Chitaru no podía creer todas las cosas que su senpai le había dicho,la mujer había cambiado totalmente, ella la recordaba como una mujer buena y amable pero tal parecía que su supuesta traición la había vuelto alguien vengativo y peligroso, algunas lágrimas escaparon de sus ojos escarlata, no podía negar que le dolía perder a alguien tan especial como su senpai, pero tampoco podía acceder a cometer el asesinato de una niña y menos de una a la cual quería con todo su corazón, con la tristeza latiendo en su pecho se dejó caer en la almohada y cerró los ojos deseando que todo hubiese sido un sueño y nada más,pero sus sueños tampoco la ayudaron a sentirse mejor

***miraba un cuerpo,una figura pequeña y delgada con las ropas desgarradas,reposando en medio de un charco de sangre,sangre emanada de una herida en el cuello,justo en la yugular, aquella persona aún no moría, se escuchaban sus débiles quejidos y su respiración entrecortada,de la nada una mano se posó en su hombro y una voz familiar le dijo casi al oído

-Bien hecho Namatame-san por fin has terminado con esa asesina- se volvió a mirar a quien le hablaba,entonces se encontró con su senpai quien la miro con una sonrisa fría y extraña

-lo has hecho muy bien Namatame-san- Chitaru no tenía idea de lo que hablaba la mujer

-¿Qué?- pregunto la pelirroja confundida

-Todo ha terminado Namatame-san por fin has hecho justicia, por fin mataste a Angel Trumpet- aquello le cayó como un balde de agua helada,se miró a si misma sosteniendo una elegante espada de plata manchada de sangre la cual dejo caer enseguida presa del pánico sabiendo con anticipación lo que había hecho,entonces se arrodillo a mirar el cuerpo;el cabello largo y claro de un tono azulado,los ojos dorados dejando escapar gruesas y abundantes lagrimas sobre su infantil rostro,ahí estaba Kirigaya perdiendo lentamente la vida,la pequeña chica miro a los ojos a Namatame quien paralizada por el miedo no sabía que decir,entonces brindándole una débil sonrisa tan solo dijo

-Chitaru te amo…-fue todo lo que aquella chica dijo ya que Namatame miro como la luz escapaba de sus hermosos ojos dejando en ella una mirada estática y perdida carente ya de toda vida,verla morir la saco de su trance,ella tomo entre sus brazos el ya inerte cuerpo y lloró amargamente

-Hitsugi…Hitsugi…por favor no me dejes- entonces sus lamentaciones fueron interrumpidas por la fría voz de su mentora

-No hay porque llorar Namatame,esa chica era solo una asesina…su vida no tenía valor, el mundo estará mucho mejor sin ella- la pelirroja siguió llorando a su pequeño ángel entonces la profesora perdió la paciencia

-basta!

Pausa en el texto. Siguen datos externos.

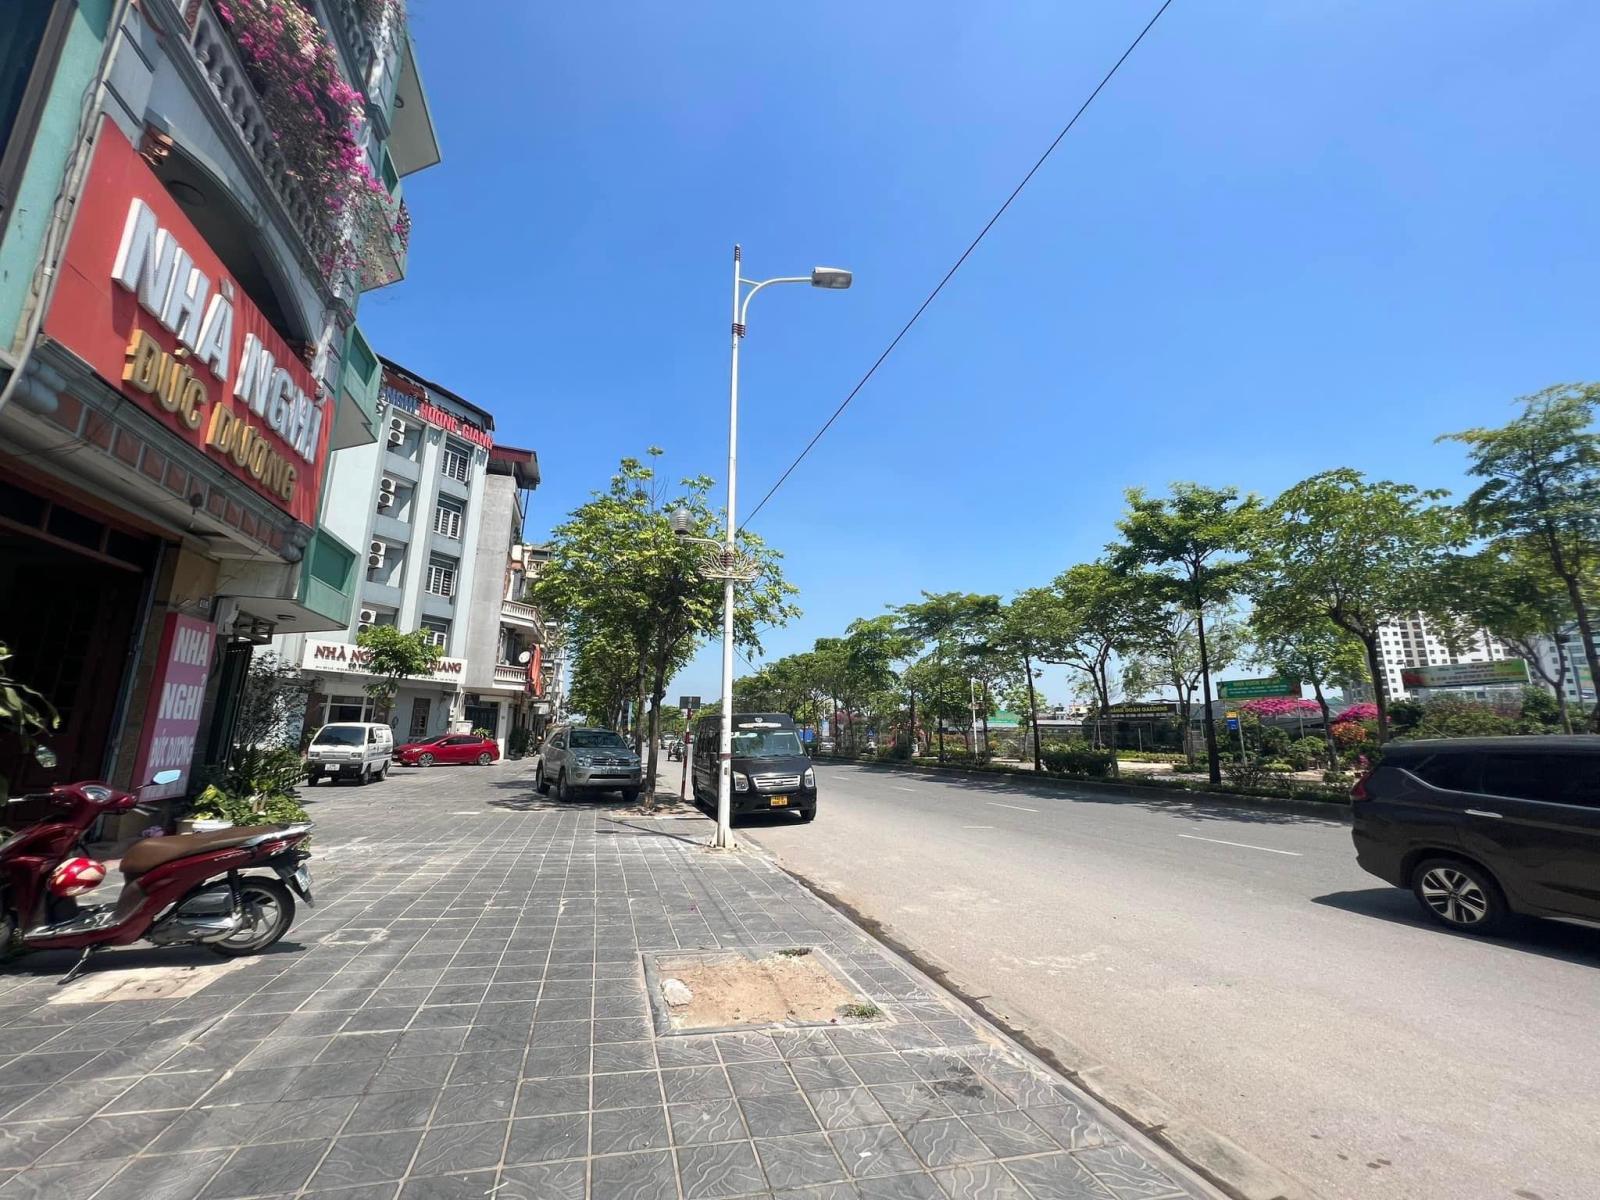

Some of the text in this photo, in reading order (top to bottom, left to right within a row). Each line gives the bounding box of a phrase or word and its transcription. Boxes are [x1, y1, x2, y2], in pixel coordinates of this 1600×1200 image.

No deberías llorar así, después de todo tú misma le cortaste la garganta…-***

Fue en ese momento qué ella despertó,con el rostro cubierto de lágrimas y un frío sudor helando su cuerpo,su corazón latía con violencia presa aún del pánico "Fue solo una pesadillo, mada más que un sueño" se repetía a si misma tratando de calmarse, ella no le haría eso a Kirigaya, ella nunca la lastimaría, mientras pensaba aquello a la habitación llego Hitsugi

-Chitaru-san…- al verla lo primero que hizo fue tomar a la pequeña chica entre sus brazos, le dio un beso en la frente y se aferró a su cuerpo

-me alegra tanto verte Hitsugi- Kirigaya se ruborizo, era extraño que Namatame la llamará por su nombre

-¿está todo bien Chitaru-san?- la mayor la miro y sonriendo de manera amable solo dijo

-todo está bien porque estás aquí conmigo-

-Chitaru-san…- pero no pudo decir nada más, sintió como sus labios eran silenciados por un beso, Namatame besaba a la chica de los ojos dorados sujetándola con delicadeza por la cintura y acariciando su cabello,Kirigaya se encontraba en el cielo, este repentino beso era la mejor de las sorpresas, después de algunos instantes rompieron aquel beso y se miraron a los ojos

-Te amo…Hitsugi- la chica del cabello azul sintió sus mejillas enrojecer pero con la más radiante de las sonrisas abrazo a su Chitaru-san, mientras la pequeña descansaba en su pecho una sola idea le cruzaba por la mente a Namatame y esta era

"Nadie lastimara a Hitsugi, protegeré a la chica que amo".